Y enfatizó: “No puedo permanecer en silencio mientras tantas personas siguen siendo violentadas simplemente por existir. En Guinea Ecuatorial se siguen vulnerando derechos fundamentales: el acceso al empleo, a la educación, a la salud, a una vida libre de violencia y al reconocimiento de la identidad de las personas trans. Además, continúan existiendo prácticas como las llamadas terapias de conversión y muchas personas LGTBIQ+ viven bajo amenazas, persecución y exclusión social”.


“Existir con autenticidad, en un mundo que tantas veces intenta decirnos lo contrario, ya es una forma de transformar la realidad”

Rusly es una más entre las que alzan la voz, las que se animan, las que luchan, las que anhelan, las que no aceptan que la esperanza de vida de una persona trans tenga punto final antes de los 40 años.


Sueño con una Guinea Ecuatorial donde nadie tenga que exiliarse por ser quien es. Donde las personas trans puedan crecer con referentes, terminar sus estudios, acceder a un trabajo digno y construir un proyecto de vida sin que el miedo marque cada decisión”, afirmó.


Pero sus deseos no se ubican sólo a un lado del mapa: “También sueño con una Europa que haga de la diversidad una práctica y no un eslogan. Una Europa que no recurra a las personas queer únicamente para representar una diversidad de escaparate, sino que nos reconozca como sujetos políticos con voz propia. Una Europa donde los derechos no dependan del pasaporte que llevas en el bolsillo; donde las leyes también miren a las personas migrantes, refugiadas y solicitantes de asilo LGTBIQ+, y donde se hable con nosotras, no sobre nosotras”.



“Y sueño con una África dispuesta a sentarse a la mesa para escuchar. Un continente capaz de abrir conversaciones difíciles sin que la diversidad sea entendida como una amenaza, sino como una realidad que siempre ha existido. Sueño con una África donde hablar de derechos humanos, de identidades y de libertad deje de ser un tabú y se convierta en una oportunidad para construir sociedades más justas”, agregó.

La autora de Adivina quién soy yo (Kairat), un libro infantil basado en hechos reales escrito con el fin de dar visibilidad a las personas trans, cerró: “En lo personal, quiero seguir formándome, escribiendo y creando espacios de acompañamiento. Quiero seguir tendiendo puentes entre África y Europa, porque estoy convencida de que los cambios más profundos no nacen cuando hablamos por otras personas, sino cuando aprendemos a escucharlas y a construir junto a ellas”.

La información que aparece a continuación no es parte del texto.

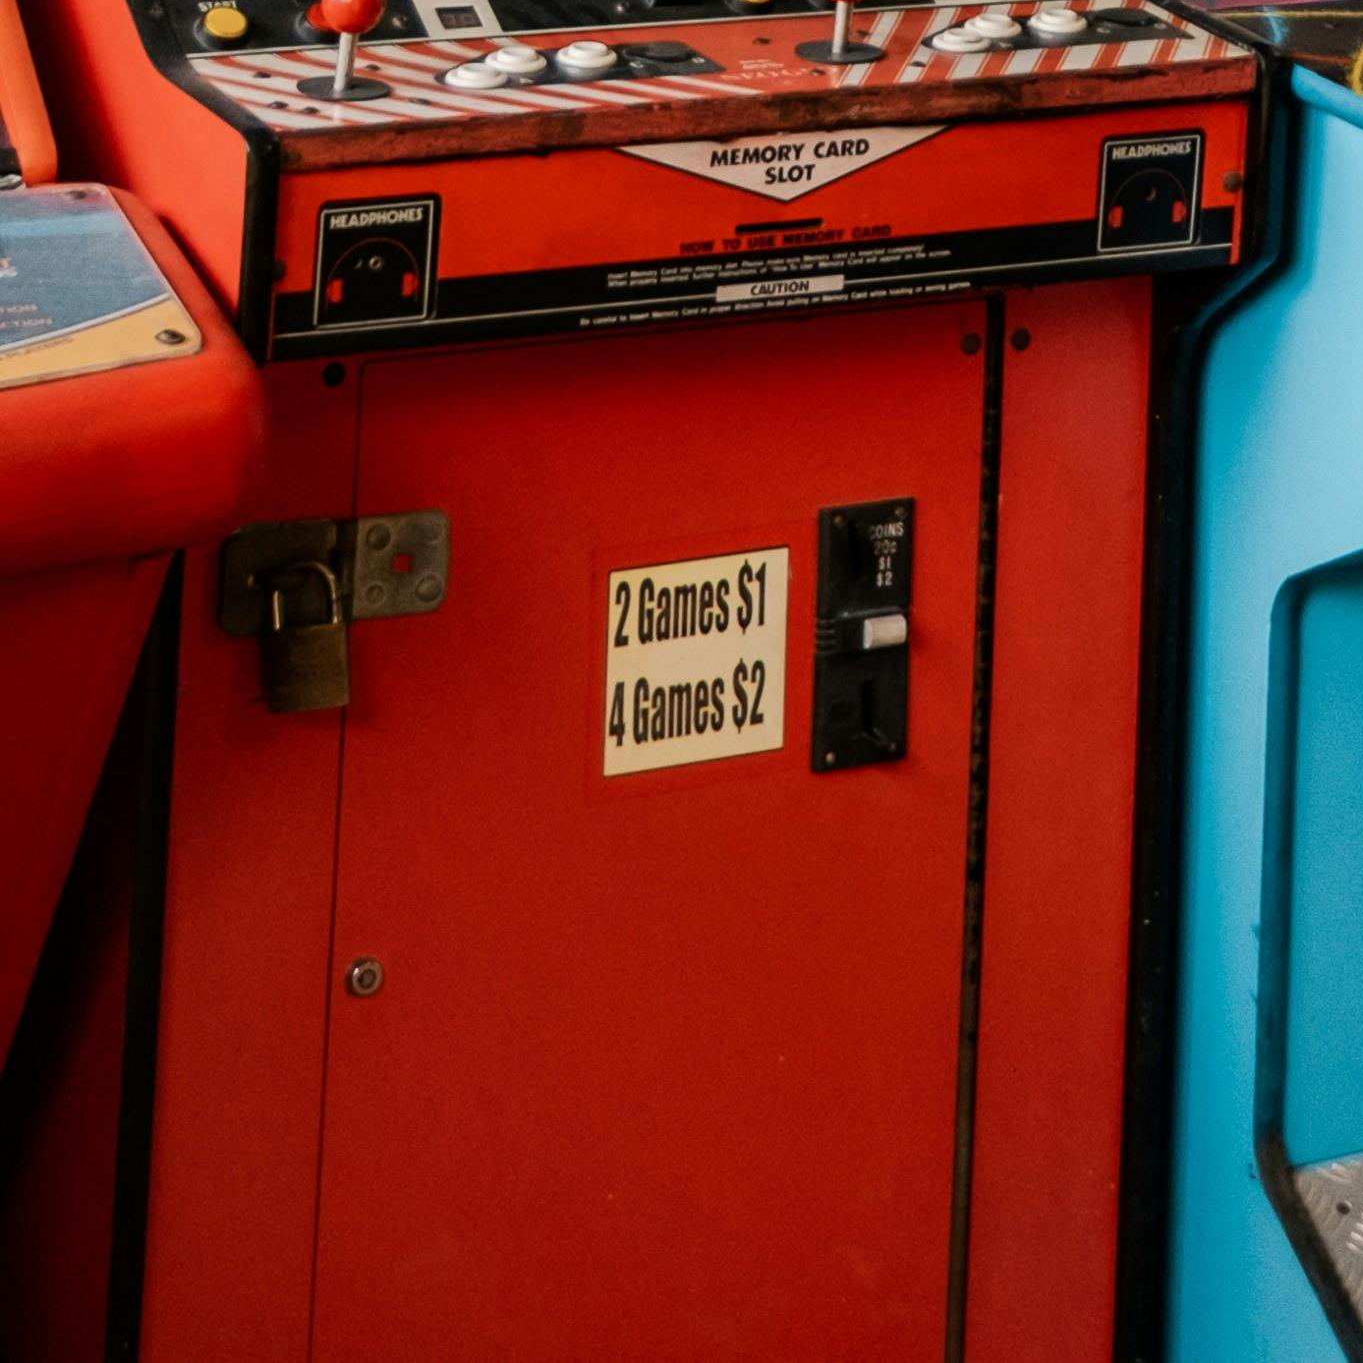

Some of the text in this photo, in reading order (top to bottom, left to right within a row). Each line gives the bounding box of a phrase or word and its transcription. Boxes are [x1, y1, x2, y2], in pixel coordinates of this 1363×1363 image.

[709, 137, 871, 169] MEMORY CARD
[1112, 141, 1192, 160] HEADPHONES
[764, 161, 815, 186] SLOT
[330, 207, 424, 229] HEADPHONES
[680, 241, 715, 256] HOW
[723, 239, 742, 252] TO
[782, 229, 845, 246] MEMORY
[852, 224, 892, 239] CARD
[750, 280, 811, 297] CAUTION
[876, 571, 894, 588] $2
[614, 559, 767, 648] 2 Games $1
[609, 657, 766, 747] 4 Games $2

Ella, que en su niñez no tuvo un referente a quien mirar en las horas de desesperanza, les habló a las infancias trans que hoy quizás atraviesen algo de lo que ella ya vivió: “Les diría, antes que nada, que no hay nada malo en ellas. Que nunca permitan que el rechazo, el miedo o los prejuicios de otras personas les hagan dudar de quiénes son. Su identidad no necesita ser corregida, escondida ni justificada; merece ser respetada, protegida y celebrada”.



Y concluyó: “También les diría que no están solas. Aunque a veces el camino parezca difícil, siempre habrá personas que las vean, las escuchen y las quieran por lo que realmente son. Existir con autenticidad, en un mundo que tantas veces intenta decirnos lo contrario, ya es una forma de transformar la realidad”.